David Weber: Der Widerstand

© Die Rechte für das Cover liegen beim Verlag und beim Urheber

American Dads versus Aliens: Rezension zu David Webers Roman Der Widerstand

Eine Buchbesprechung von Rob Randall

Tief draußen in den unerforschten Einöden der des westlichen Spiralarms der Galaxis dreht sich zwar ein kleiner blauer Planet, der von primitiven Bioformen bewohnt wird – aber so ganz unbeachtet und unbegehrt, wie uns manche Autoren weiß machen wollen, ist er ganz und gar nicht. Und nicht so primitiv, wie es den Anschein haben mag. So auch in David Webers 2010 veröffentlichtem Alieninvasionsroman Der Widerstand.

Zwar hat der als Hegemonie bezeichnete Zusammenschluss der intelligenten Rassen des Universums, nachdem seine vegetarischen Späher das zweifelhafte Vergnügen gehabt haben, die Schlacht bei Azincourt (1415) beobachten dürften, eigentlich nur vorsichtshalber die Vernichtung der blutrünstigen Menschheit beschlossen, bevor diese eine gewisse Zivilisationsstufe erreicht, doch der Planet KU-197-20 soll trotzdem an Das Imperium der Shongairi gehen. Aber die Mühlen kosmischer Bürokratien mahlen langsam und das Universum ist groß, so unendlich groß, so einfach unfassbar groß, dass… – jedenfalls, als die Invasionsflotte eintrifft, kann sich die unerwartet schnell entwickelnde Menschheit nicht mehr nur mit Pfeilen beschießen, sondern mit Interkontinentalraketen unterschiedlichsten Kalibers. Entgegen den Vorschriften der Hegemonie und wider besseren Wissens schreiten die nur ihre eigenen Interessen verfolgenden arroganten Invasoren, welche ihre Gegner stark an Hunde erinnern, zur verhängnisvollen Tat: Mit einer Cyberattacke und einem Hagel ballistischer Geschosse auf militärische, industrielle und zivile Zentren sind die organisatorischen Strukturen und Verteidigungspotentiale der Nationalstaaten vernichtet. Aber natürlich lassen die Menschen einen solchen Angriff, der der Hälfte ihrer Bevölkerung das Leben kostet, nicht auf sich sitzen. Als die Shongairi ihre Bodentruppen einsetzen, entwickelt sich dementsprechend ein Guerillakrieg, der hauptsächlich von durchaus rachsüchtigen, aber integeren Familienvätern geführt wird, die – auch wenn sie nicht amerikanischer Nationalität sind – fast bis zur Ununterscheidbarkeit von den gleichen Gedanken um ihre Angehörigen bewegt werden.

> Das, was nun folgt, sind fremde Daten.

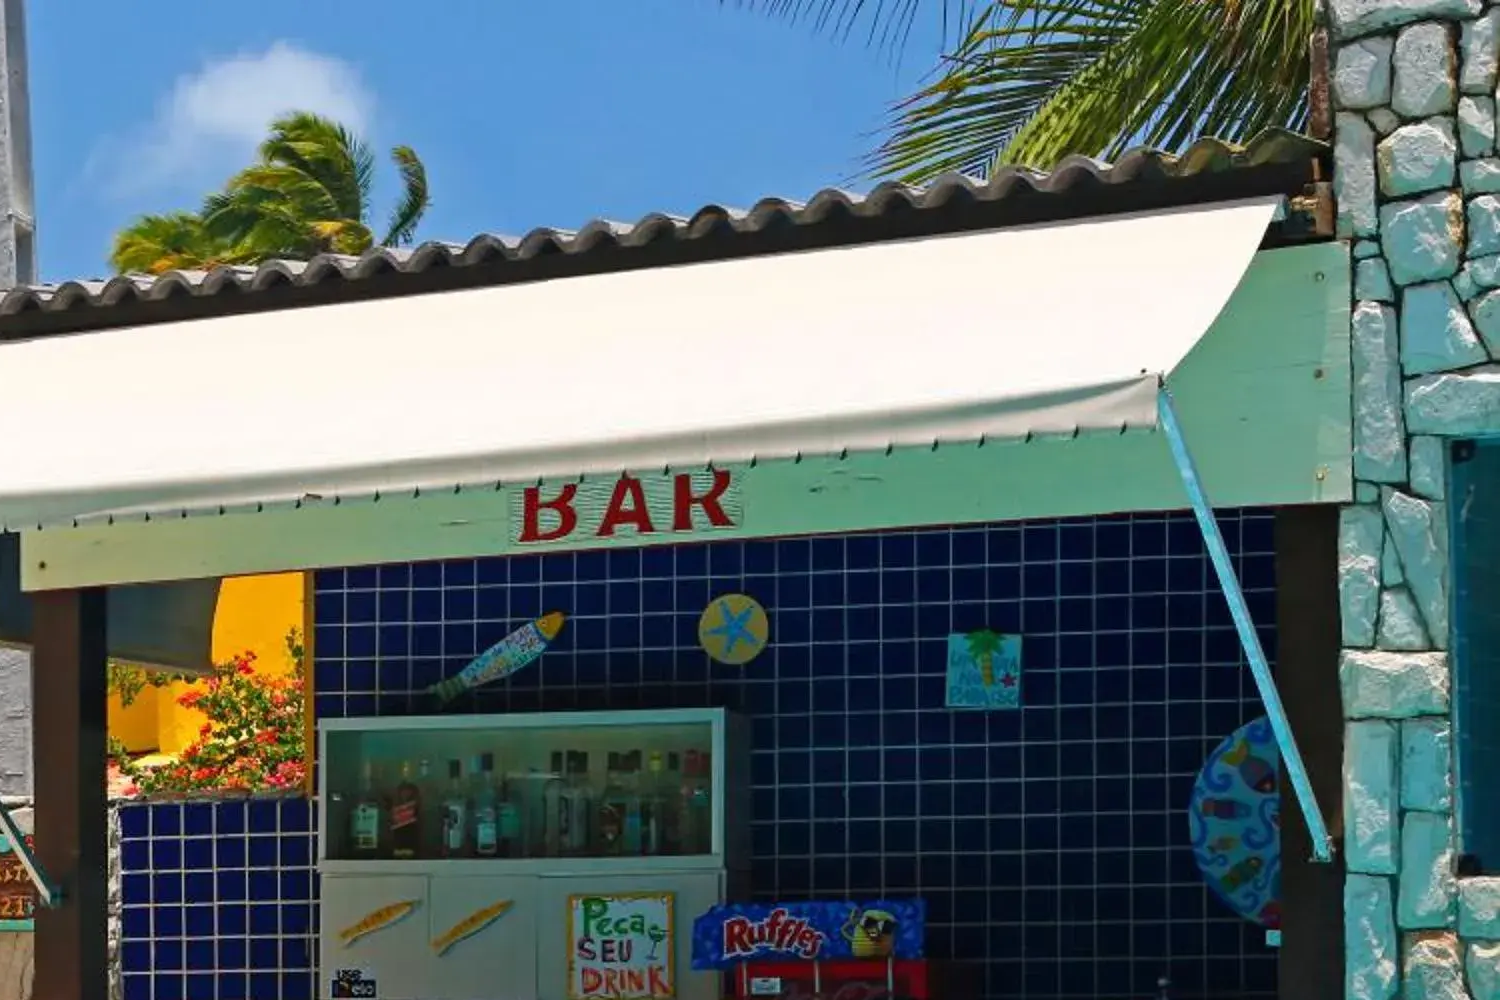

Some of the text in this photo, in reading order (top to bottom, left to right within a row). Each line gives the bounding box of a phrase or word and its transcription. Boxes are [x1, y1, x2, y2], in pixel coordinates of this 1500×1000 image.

[519, 469, 736, 543] BAR
[577, 938, 632, 963] SEU
[723, 908, 826, 959] Ruffles
[581, 964, 671, 995] DRINK
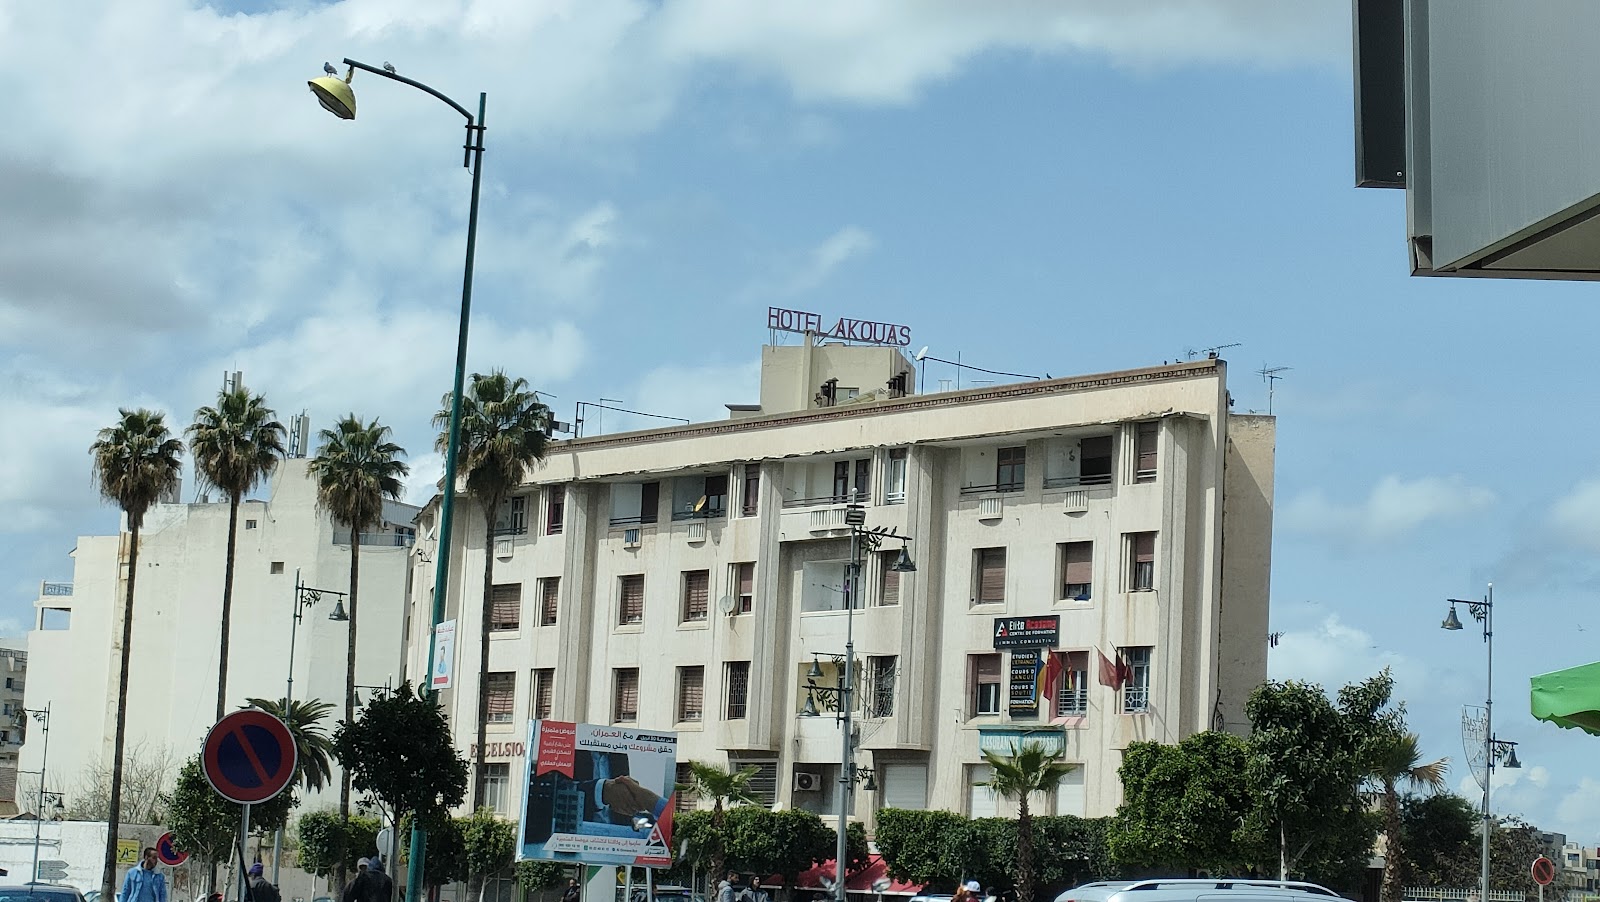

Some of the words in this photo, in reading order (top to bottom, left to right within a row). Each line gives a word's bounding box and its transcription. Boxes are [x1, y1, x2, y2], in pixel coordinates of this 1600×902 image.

[767, 306, 822, 336] HOTEL
[835, 318, 911, 346] AKOUAS
[1010, 620, 1025, 630] Elite
[579, 739, 612, 748] مستقبلك
[629, 743, 657, 752] مشروعك
[470, 742, 526, 758] ECELSIO
[657, 745, 673, 753] حقق

Alienpolitiker in Klausur – Menschliche Heroen im Schlachtgetümmel

David Webers Roman, der mit der Schilderung der Aliens einsetzt und erst nach und nach multiperspektivisch die verschiedenen menschlichen Protagonisten einführt, bedient sich des hinlänglich bekannten Repertoires des Genres: Die Invasoren sind den Menschen technisch überlegen und zumindest die Politiker der Hegemonie genauso skrupellos und egoistisch wie die uns bekannten terrestrischen Exemplare. Tatsächlich fühlt sich der den bis zu seiner Ermüdung geführten Diskussionen und Vorträge im außerirdischen Schlachtschiff beiwohnende menschliche Leser häufig eher an elitäre Beratungssitzungen seiner eigenen Gattung erinnert – da können die anwesenden Fleischfresser ihre behaarten Ohren überrascht spitzen oder demütig anlegen wie sie wollen.

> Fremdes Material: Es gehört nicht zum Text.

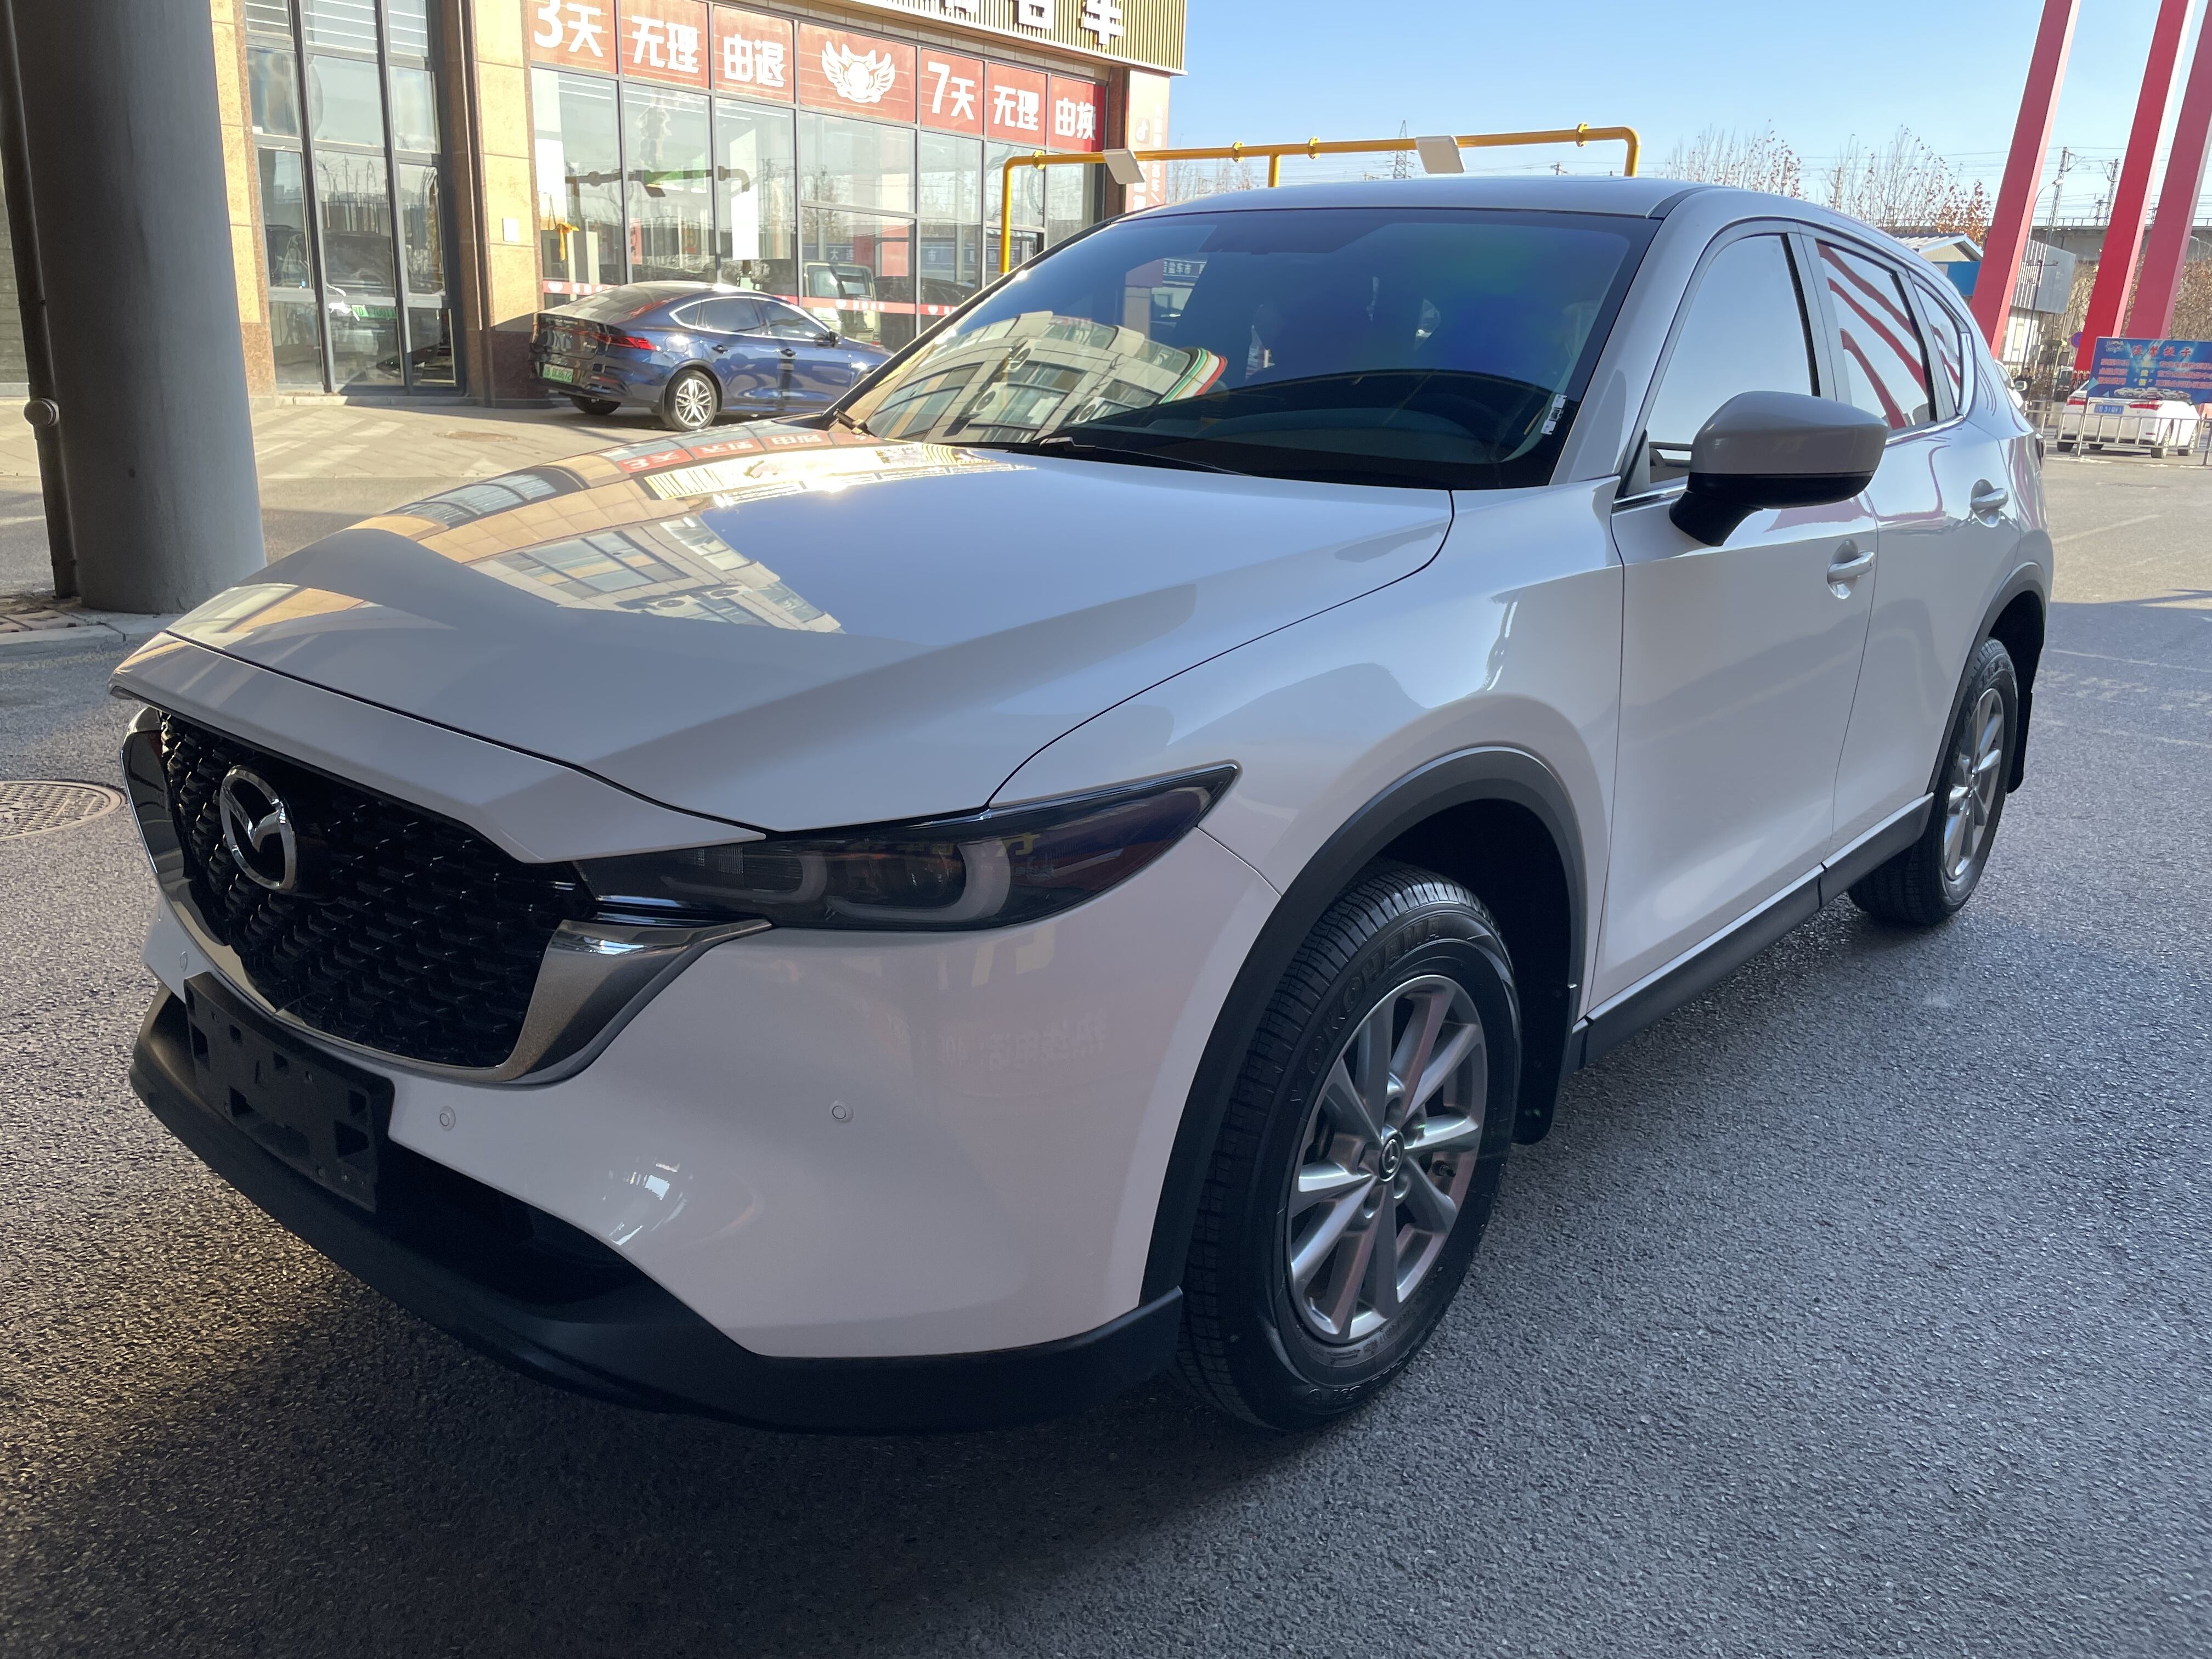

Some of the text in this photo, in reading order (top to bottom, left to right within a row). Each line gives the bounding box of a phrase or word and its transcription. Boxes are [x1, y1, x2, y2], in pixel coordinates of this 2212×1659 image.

[534, 0, 785, 87] 3天 无理 由退
[927, 61, 975, 121] 7天
[993, 84, 1040, 131] 无理

Natürlich kann so ein Invasionsroman auch nur funktionieren, wenn die menschliche Gattung den Angreifern wenigstens ein wenig Paroli bieten kann. Bei Weber unterschätzen die Angreifer den Menschen aber ganz gehörig – psychisch wie auch technisch: Die Landungsshuttles sind den amerikanischen F-22 hoffnungslos unterlegen, die Schwebepanzer gehen reihenweise in Flammen auf, nachdem sie überraschend in den afghanischen Bergen Bekanntschaft mit M1 Abrams machen mussten – ja selbst die Freischärler in der Ukraine und in Rumänien nieten mit ihren bis ins kleinste technische Detail beschriebenen Gewehren einen Alien nach dem anderen auf den Ladeflächen der Transporter um. Man muss Weber wenigstens zu gute halten, dass er das nachdenkliche Stirnrunzeln des Lesers antizipiert haben dürfte und er sich wirklich redlich Mühe gibt, die tatsächliche militärtechnische Unterlegenheit und das strategische wie taktische Dilletantentum der Kriegerelite des bekannten Universums aus mangelnden Erfahrungen mit hochentwickelten Zivilisationen heraus zu erklären, – hinreichend schlüssig ist das aber nicht; zumal sich so den durchaus unterhaltsamen Momenten des Romans immer wieder und wieder Phasen des Erklärens anschließen, die auch in ihrer Wiederholung nicht überzeugender werden.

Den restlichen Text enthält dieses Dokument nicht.